Self-distribution for wineries drained from House plans
Gov. Rick Scott's spring training funding proposal remains in play in the House, as is a back-to-school sales tax holiday.
But an effort to expand the number of Florida-based wineries that also could directly sell their products may need to be watered down a bit before it's ready to be served up to state lawmakers this session.
Lobbyists for alcohol distributors and small-farm wineries this week fought against allowing all wineries, regardless of size, that use Florida grown produce for their beverages to avoid the middle part of the state's sales chain.
House Finance and Tax Subcommittee Chairman Ritch Workman (R-Melbourne) has agreed to withdraw that portion of a wide-ranging economic development package he is compiling.
"That doesn't mean the issue is dead, I like the issue, but it needs to be further explored," Workman said. "I don't want to kill the whole economic development issue, or slow it down, but when you look at the rest of the bill, that (wineries) had all the conversation."
Currently, Florida law allows only certified Florida farm wineries, which are open for tours and tastings, and produce or annually sell less than 250,000 gallons of wine, to make and sell their own wine.
The measure Workman pulled back from the proposed economic development bill would have opened the distribution field to all manufacturers of Florida wines and wine products, which opponents say could include out-of-state wineries as long as they're using Florida produce.
Distribution industry lobbyists also say the proposal would break the state's three-tiered alcoholic beverage distribution system that maintains a chain for the sale of any product from manufacturers to distributors to retailers.
"It's preferential treatment to companies inside the state. The company I represent is not able to operate in anything other than the middle tier," said Brecht Heuchan, representing Southern Wine & Spirits of America Inc. "At least for our company, it's certainly couldn't be considered economic development."
Another concern is whether out-of-state wineries might claim the proposal would be unfair to them.
"There is a possibility, a real possibility, that a federal court could look at the issue and say, 'to make it fair for all states nobody could self-distribute,'" said Jason Unger, representing Lakeridge Winery in Clermont and San Sebastian Winery in St. Augustine.

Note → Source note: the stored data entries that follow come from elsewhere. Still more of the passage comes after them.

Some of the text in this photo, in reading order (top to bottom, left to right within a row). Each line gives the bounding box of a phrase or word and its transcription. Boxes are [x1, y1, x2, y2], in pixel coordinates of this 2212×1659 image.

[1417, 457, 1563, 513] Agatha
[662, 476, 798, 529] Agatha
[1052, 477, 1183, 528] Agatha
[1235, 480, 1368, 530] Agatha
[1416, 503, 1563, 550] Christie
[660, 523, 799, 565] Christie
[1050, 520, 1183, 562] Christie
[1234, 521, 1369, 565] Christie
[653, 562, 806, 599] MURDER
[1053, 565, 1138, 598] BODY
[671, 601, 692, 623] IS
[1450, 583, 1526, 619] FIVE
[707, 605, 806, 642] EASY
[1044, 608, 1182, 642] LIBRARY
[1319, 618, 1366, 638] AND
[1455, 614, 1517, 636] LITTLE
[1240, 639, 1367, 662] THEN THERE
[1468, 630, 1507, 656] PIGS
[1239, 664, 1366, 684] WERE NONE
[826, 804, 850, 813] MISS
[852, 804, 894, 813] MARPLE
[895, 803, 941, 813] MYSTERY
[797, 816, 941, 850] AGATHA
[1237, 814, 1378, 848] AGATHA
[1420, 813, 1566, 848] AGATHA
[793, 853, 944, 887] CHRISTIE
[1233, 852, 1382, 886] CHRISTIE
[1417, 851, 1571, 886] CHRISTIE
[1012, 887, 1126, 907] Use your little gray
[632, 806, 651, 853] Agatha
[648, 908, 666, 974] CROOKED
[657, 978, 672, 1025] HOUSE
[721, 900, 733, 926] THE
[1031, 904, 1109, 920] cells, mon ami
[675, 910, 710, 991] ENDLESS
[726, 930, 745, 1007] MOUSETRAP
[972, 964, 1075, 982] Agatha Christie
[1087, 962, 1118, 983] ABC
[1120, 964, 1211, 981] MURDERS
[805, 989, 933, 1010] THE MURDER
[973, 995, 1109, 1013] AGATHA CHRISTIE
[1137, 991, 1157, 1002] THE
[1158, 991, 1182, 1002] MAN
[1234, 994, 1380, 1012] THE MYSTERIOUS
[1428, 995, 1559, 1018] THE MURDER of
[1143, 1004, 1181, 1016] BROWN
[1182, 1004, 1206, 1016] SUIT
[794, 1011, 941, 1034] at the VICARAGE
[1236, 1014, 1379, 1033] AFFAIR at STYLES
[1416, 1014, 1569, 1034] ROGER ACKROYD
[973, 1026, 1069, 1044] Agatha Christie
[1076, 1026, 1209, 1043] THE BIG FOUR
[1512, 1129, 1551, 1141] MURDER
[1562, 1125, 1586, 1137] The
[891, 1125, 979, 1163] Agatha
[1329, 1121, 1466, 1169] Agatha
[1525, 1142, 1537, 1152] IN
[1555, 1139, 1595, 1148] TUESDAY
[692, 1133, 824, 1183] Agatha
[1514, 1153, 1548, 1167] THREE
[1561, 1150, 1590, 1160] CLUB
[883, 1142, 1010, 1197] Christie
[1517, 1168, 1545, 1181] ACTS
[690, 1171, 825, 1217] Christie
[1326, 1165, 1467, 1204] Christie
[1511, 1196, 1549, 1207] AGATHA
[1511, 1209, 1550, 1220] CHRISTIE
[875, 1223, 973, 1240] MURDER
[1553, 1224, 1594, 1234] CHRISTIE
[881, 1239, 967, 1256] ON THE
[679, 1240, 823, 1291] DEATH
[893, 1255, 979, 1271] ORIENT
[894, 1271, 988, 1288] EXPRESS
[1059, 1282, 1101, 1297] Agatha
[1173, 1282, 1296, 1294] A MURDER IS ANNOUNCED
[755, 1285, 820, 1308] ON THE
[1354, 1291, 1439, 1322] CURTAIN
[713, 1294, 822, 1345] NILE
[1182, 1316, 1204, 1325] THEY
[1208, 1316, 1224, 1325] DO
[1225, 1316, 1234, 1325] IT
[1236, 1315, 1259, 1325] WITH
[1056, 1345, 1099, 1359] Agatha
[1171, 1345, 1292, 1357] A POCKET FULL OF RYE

The winery proposal comes as other alcohol-loaded measures have flowed forth in this legislative session. One measure, SB 1344, would make 64-ounce beer growlers legal, while another, HB 347, lets small craft liquor distillers sell up to two bottles directly to customers.
Otherwise, Workman's bill would:
• Maintain the ability for a county or municipality to receive up to $666,660 a year in sales tax incentives to maintain and build Major League Baseball spring training stadiums. New provisions would cap the break at $20 million over 20 years. Communities with two teams could double the incentive. Scott has proposed also setting aside $5 million a year in the state budget to keep teams training in Florida from fleeing to Arizona.
• Increases by $15 million, to $178.8 million, the available tax credits for the New Markets Development Program, which is for those making investments into designated community development entities. The credit, against corporate income taxes or the insurance premium tax, is available only after the third year of an investment.
• Create a three-day sales tax holiday starting August 2. There would be no sales tax collected on select clothing and footwear that cost $75 or less, school supplies under $15 per item, and personal computers and electronic accessories – tablets, laptops, monitors, input devices and non-recreational software – valued up to $750. Workman had earlier proposed using new collections of sales tax revenue from online purchases through Amazon, eBay or any other large out-of-state Internet-based retailers to help fund the back-to-school sales tax holiday.